Friday, May 18, 2012

The Loners

Author: Lex Thomas
Goodreads Rating: 3.
My Rating: 3.75
Pages: 410
Reviewed By: Nicole


This book was provided to me by the publisher via Netgalley. I was intrigued by the concept of students being deadly to adults. It was a twist on the dystopian plague world in which the setting is focused on a school. I know that as much as adults felt like teenagers were dangers to their health, they should be thankful that they weren't in the case of this book.


Goodreads Synopses:


It was just another ordinary day at McKinley High—until a massive explosion devastated the school. When loner David Thorpe tried to help his English teacher to safety, the teacher convulsed and died right in front of him. And that was just the beginning.

A year later, McKinley has descended into chaos. All the students are infected with a virus that makes them deadly to adults. The school is under military quarantine. The teachers are gone. Violent gangs have formed based on high school social cliques. Without a gang, you’re as good as dead. And David has no gang. It’s just him and his little brother, Will, against the whole school.

In this frighteningly dark and captivating novel, Lex Thomas locks readers inside a school where kids don’t fight to be popular, they fight to stay alive.



Click to see what I thought!
I didn't think that I was going to like this book much. As hard as I try not to make judgements about books before reading them, I do make small ones. While I was pleasantly surprised by this one, I still have my reservations about the second book. That being said, there is a strong possibility that I would read the second book.


It was both interesting and annoying to see the prevalence of stereotypes in this book. In the description we know that gangs have formed, but the gangs are just high school stereotypes like Varsity which has all the jocks and the Freaks, and the Skaters, and the Sluts and the Pretty Ones, and the Geeks and the Nerds. I liked that the Loners existed because not everyone fits into a category, but by becoming a Loner you labeled yourself. Maybe it was just because my high school didn't really have these clicks, at least not in my grade.
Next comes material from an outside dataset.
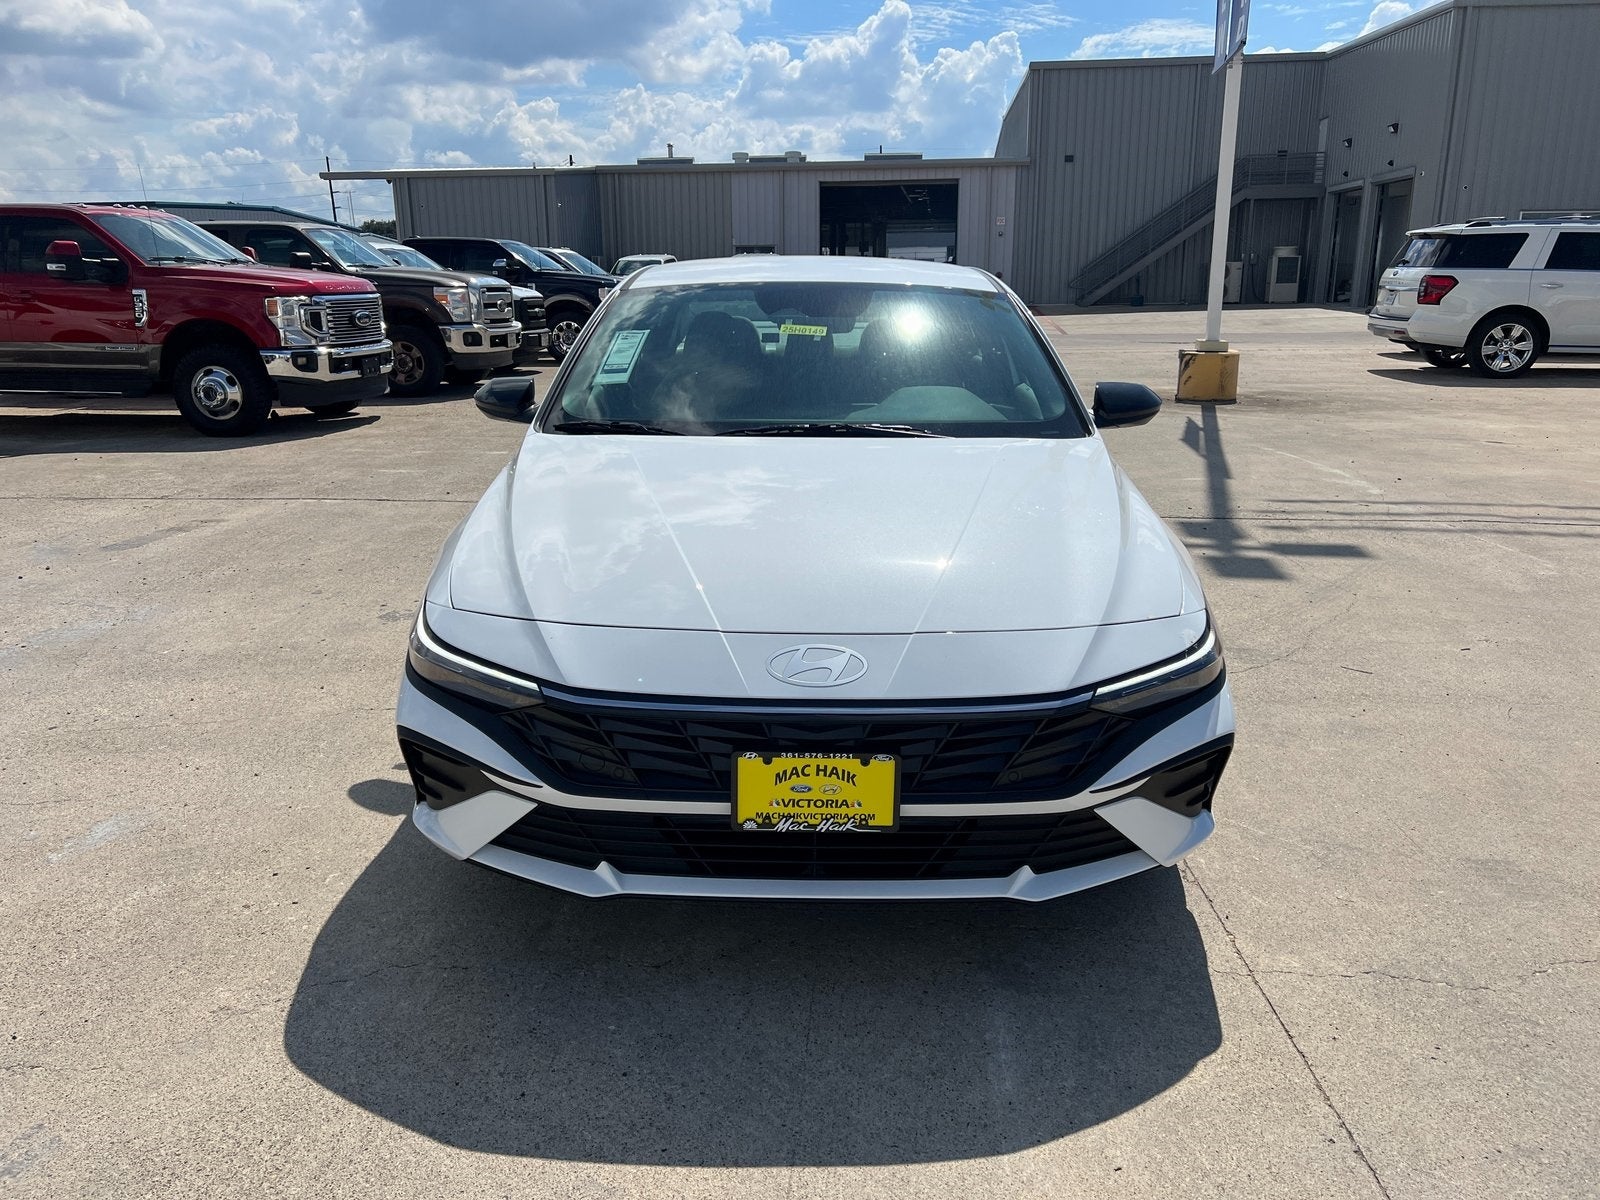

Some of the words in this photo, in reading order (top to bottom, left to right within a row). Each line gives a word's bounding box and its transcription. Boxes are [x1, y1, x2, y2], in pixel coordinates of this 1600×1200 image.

Even if you could have applied one label to a kid, that same one would fit in other categories as well.


And while I'm not even close to a feminist (I'll be happy staying home with my children all day when the time comes, thank you) I bristled at the Sluts gang. That just made me mad every time I read it. /rant


I did feel that there were too many characters in this book. Just to name a few recurring names: Lucy, David, Hilary, Sam, Will, Dorothy, Nelson, Belinda, Violent, Smudge, Gonzalo, Brad, Bobby. I literally just finished the book and confused a few of the names. It was hard at points keeping track of who was who and why we cared who they were. That being said, I was able to get a clear understanding of a decent number of the characters that we were introduced to.


I found it interesting how at one point David (our hero) struggles with deciding if his ex girlfriend is the same person she used to be. He keeps thinking that she wasn't the same girl that he used to love and all I could think was. "Nooo really!? Its not like you're both fighting for your survival or anything or going through puberty locked in a school!" But I guess sometimes boys are just a little slower on the uptake than us girls.


Some of the ideas in this book were a little far fetched, (like having the Varsity gang make moonshine) but at the same time it played true to any survivalist senairio; You find a group and fight for food. I found that it was a mixture of The Lord of the Flies and The Hunger Games. If you've read both, then you know that Lord of the Flies is about kids that crash land on an island and how they survive with no food and you know that The Hunger Games is a fight for survival in an arena. In this case the school is the arena, the weekly food drops are the "cornocopia" (where food and weapons are in the game) and that these children are stranded with little to no survival skills and they need to make do with what is available to them.


All in all, I think I would give the second book a chance to see how this rivalry between Sam (head of the Varsity) and David (head of the Loners) plays out.